_YOUR OBJECTIVE_: Every entry must appear in the answer exactly as written.

_DATA PROVIDED_:
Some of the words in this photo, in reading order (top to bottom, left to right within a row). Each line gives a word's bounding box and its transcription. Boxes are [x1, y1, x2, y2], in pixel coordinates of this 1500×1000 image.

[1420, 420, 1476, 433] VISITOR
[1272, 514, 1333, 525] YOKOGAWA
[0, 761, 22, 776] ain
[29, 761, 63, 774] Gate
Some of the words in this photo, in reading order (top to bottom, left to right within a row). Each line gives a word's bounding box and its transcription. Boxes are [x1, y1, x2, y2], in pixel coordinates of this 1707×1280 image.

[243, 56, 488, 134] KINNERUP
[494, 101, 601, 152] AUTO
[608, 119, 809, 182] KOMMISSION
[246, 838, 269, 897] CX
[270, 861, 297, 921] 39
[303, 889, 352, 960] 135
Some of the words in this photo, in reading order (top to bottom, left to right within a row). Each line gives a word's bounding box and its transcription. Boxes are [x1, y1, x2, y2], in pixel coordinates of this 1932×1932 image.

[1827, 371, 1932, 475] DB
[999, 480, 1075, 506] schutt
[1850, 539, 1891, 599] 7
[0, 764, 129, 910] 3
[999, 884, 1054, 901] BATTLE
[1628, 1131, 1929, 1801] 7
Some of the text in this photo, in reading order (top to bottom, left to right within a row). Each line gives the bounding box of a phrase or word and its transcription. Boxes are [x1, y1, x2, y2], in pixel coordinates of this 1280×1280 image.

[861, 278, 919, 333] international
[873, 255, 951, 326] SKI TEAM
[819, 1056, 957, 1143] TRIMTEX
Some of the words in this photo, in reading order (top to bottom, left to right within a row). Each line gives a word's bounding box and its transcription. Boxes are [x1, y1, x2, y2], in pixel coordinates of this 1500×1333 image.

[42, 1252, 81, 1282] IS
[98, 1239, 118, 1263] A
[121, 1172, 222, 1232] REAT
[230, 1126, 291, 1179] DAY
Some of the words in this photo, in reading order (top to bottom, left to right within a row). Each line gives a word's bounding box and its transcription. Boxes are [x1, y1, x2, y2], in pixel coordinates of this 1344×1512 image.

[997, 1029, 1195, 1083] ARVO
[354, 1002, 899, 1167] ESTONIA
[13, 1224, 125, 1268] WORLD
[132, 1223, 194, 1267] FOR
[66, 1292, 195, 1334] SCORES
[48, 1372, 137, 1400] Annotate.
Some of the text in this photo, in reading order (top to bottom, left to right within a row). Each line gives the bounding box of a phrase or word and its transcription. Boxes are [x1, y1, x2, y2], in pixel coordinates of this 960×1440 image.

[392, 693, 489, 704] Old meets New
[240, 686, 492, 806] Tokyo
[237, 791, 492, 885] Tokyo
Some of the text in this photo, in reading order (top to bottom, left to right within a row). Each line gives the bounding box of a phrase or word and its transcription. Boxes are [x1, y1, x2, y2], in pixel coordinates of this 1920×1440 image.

_EXPECTED ANSWER_:
Some of the words in this photo, in reading order (top to bottom, left to right within a row). Each line gives a word's bounding box and its transcription. Boxes are [x1, y1, x2, y2], in pixel coordinates of this 1500×1000 image.

[1420, 420, 1476, 433] VISITOR
[1272, 514, 1333, 525] YOKOGAWA
[0, 761, 22, 776] ain
[29, 761, 63, 774] Gate
Some of the words in this photo, in reading order (top to bottom, left to right within a row). Each line gives a word's bounding box and its transcription. Boxes are [x1, y1, x2, y2], in pixel coordinates of this 1707×1280 image.

[243, 56, 488, 134] KINNERUP
[494, 101, 601, 152] AUTO
[608, 119, 809, 182] KOMMISSION
[246, 838, 269, 897] CX
[270, 861, 297, 921] 39
[303, 889, 352, 960] 135
Some of the words in this photo, in reading order (top to bottom, left to right within a row). Each line gives a word's bounding box and its transcription. Boxes are [x1, y1, x2, y2], in pixel coordinates of this 1932×1932 image.

[1827, 371, 1932, 475] DB
[999, 480, 1075, 506] schutt
[1850, 539, 1891, 599] 7
[0, 764, 129, 910] 3
[999, 884, 1054, 901] BATTLE
[1628, 1131, 1929, 1801] 7
Some of the text in this photo, in reading order (top to bottom, left to right within a row). Each line gives the bounding box of a phrase or word and its transcription. Boxes are [x1, y1, x2, y2], in pixel coordinates of this 1280×1280 image.

[861, 278, 919, 333] international
[873, 255, 951, 326] SKI TEAM
[819, 1056, 957, 1143] TRIMTEX
Some of the words in this photo, in reading order (top to bottom, left to right within a row). Each line gives a word's bounding box and its transcription. Boxes are [x1, y1, x2, y2], in pixel coordinates of this 1500×1333 image.

[42, 1252, 81, 1282] IS
[98, 1239, 118, 1263] A
[121, 1172, 222, 1232] REAT
[230, 1126, 291, 1179] DAY
Some of the words in this photo, in reading order (top to bottom, left to right within a row). Each line gives a word's bounding box and its transcription. Boxes are [x1, y1, x2, y2], in pixel coordinates of this 1344×1512 image.

[997, 1029, 1195, 1083] ARVO
[354, 1002, 899, 1167] ESTONIA
[13, 1224, 125, 1268] WORLD
[132, 1223, 194, 1267] FOR
[66, 1292, 195, 1334] SCORES
[48, 1372, 137, 1400] Annotate.
Some of the text in this photo, in reading order (top to bottom, left to right within a row). Each line gives the bounding box of a phrase or word and its transcription. Boxes are [x1, y1, x2, y2], in pixel coordinates of this 960×1440 image.

[392, 693, 489, 704] Old meets New
[240, 686, 492, 806] Tokyo
[237, 791, 492, 885] Tokyo
Some of the text in this photo, in reading order (top to bottom, left to right within a row). Each line gives the bounding box of a phrase or word and its transcription. Boxes are [x1, y1, x2, y2], in pixel coordinates of this 1920×1440 image.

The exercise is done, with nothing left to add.